Yes, we all know the word. We know what it means. We know how it is used. We know Joey hears it applied to him.
He hears you. He knows what you are saying, and what you mean. He knows it is an ugly, deliberately painful word. It's a sword in his hand.
When we talk about SIBs, we often talk about physical injury. People who bite themselves. Cut themselves. Hit their heads against things, or punch themselves bloody. We know it is scary (though until it is someone you love, you can't imagine how scary it can be.) We may even understand the extension of that pain and injury to others: people who lash out, throw things, flail, become aggressive in the face of the frustration, the stress, the disorientation, the pain.They are "challenging behaviors." We want them to stop. And when we understand the source, we know its not our pain that needs to stop, not our frustration that really matters. It's theirs.
What about those whose self-injury is invisible? What about self-deprecation? What about self-injury that is psychological?
The mental health system in this country is already a shambles. Now try to get help for someone who needs specialized care; a person with autism can't just walk into an office and start seeing any social worker or therapist. A person with autism needs help from someone who understands autism, who understands the issues of communication and regulation, who really gets it. Until the therapist gets it, he or she cannot help you get it. When trying to communicate these issues to Joey's last principal- a person who was supposed to be a psychologist, knowledgeable in special needs- I got told Joey might have emotional disturbance.

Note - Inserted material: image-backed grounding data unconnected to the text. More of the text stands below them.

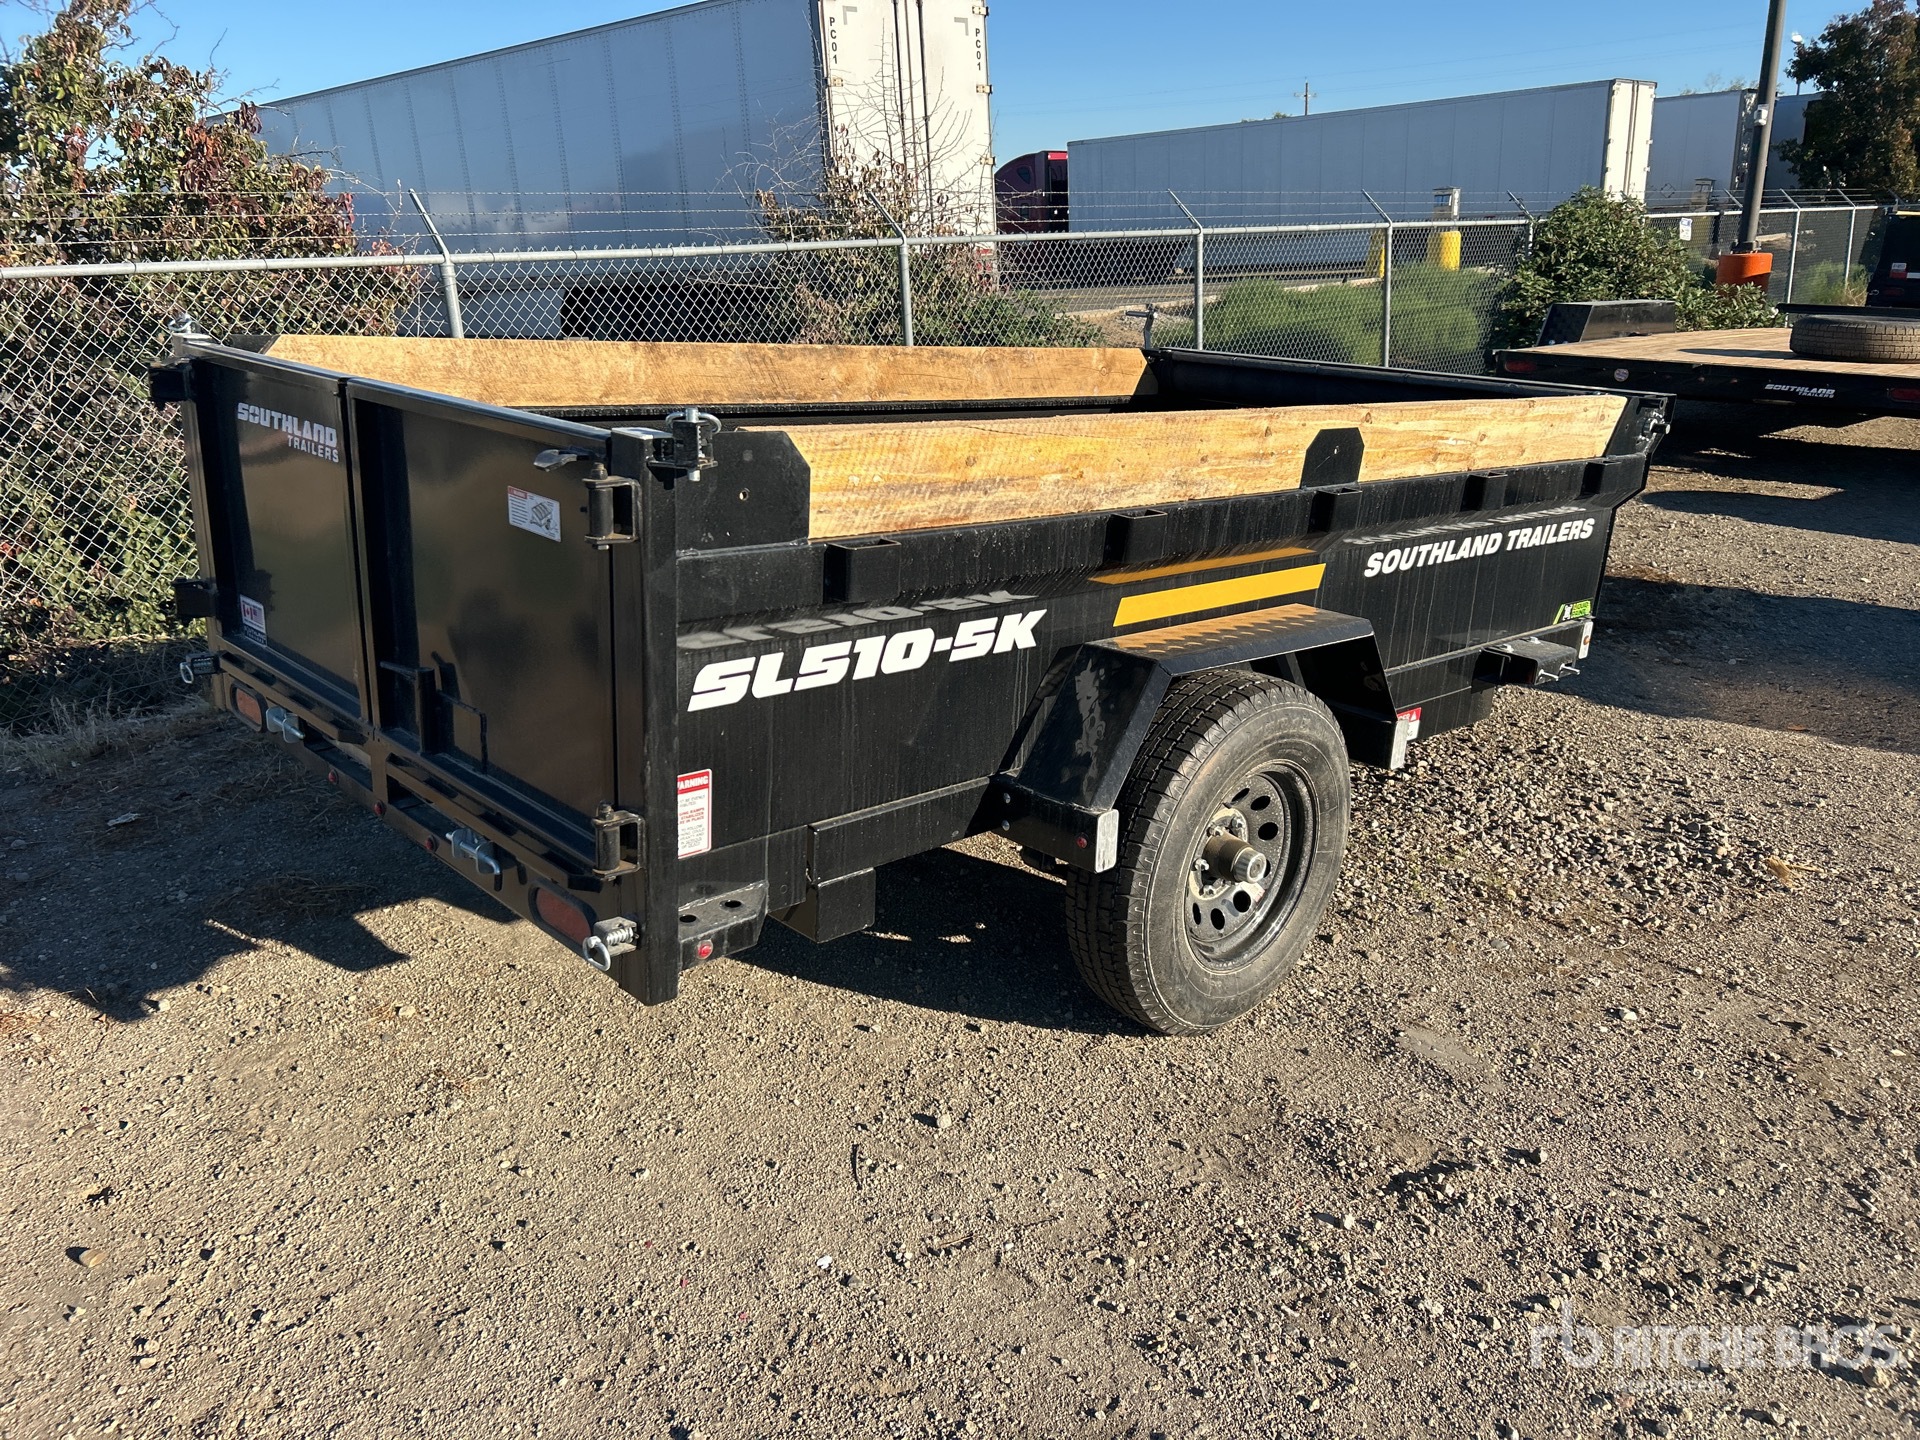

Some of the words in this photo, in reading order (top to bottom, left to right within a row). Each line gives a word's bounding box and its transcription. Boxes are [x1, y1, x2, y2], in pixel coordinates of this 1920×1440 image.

[829, 17, 838, 64] PC01
[1764, 383, 1836, 395] SOUTHLAND
[237, 402, 338, 448] SOUTHLAND
[287, 434, 339, 463] TRAILERS
[1364, 532, 1503, 577] SOUTHLAND
[1506, 518, 1595, 551] TRAILERS
[686, 608, 1048, 712] SL510-5K

I knew there was nothing more to say there. Even the people who are supposed to "get it" often have no clue when presented with someone with autism who needs help. How are we supposed to help Joey cope with his pain, find constructive ways to communicate and deal with frustration, to help him grow into an adult who can care for himself, if we can't even find someone to help us who understands the challenge?
One of the ways we work hard to help Joey is by giving him language to use. We try to turn his echolalic skills into something helpful and constructive. It is a skill, a talent, a strength like any other; so feed him the language that he can use, words he can fall back on.
Yet we fight an uphill battle, because we are also trying to help him understand how he is a whole, wonderful, capable person, in a world that see him as less. A world that has given him language that hurts him. A world that, despite his talents, his intelligence, his kindness, his creativity, his imagination, his empathy, his strengths- see him in the light of less, and in the light of the word that runs bitter from his mouth: retard.
Just as we all have our own challenges and special needs, we all have strengths and we all have weaknesses, why must we take perfectly good words, and infuse them with hate? With derision? With pain?
It is no longer a perfectly good word. Please stop. I assure you, he hears you. He knows you mean him. And he knows it is a word that means pain.
More pain that I hope you ever, ever face.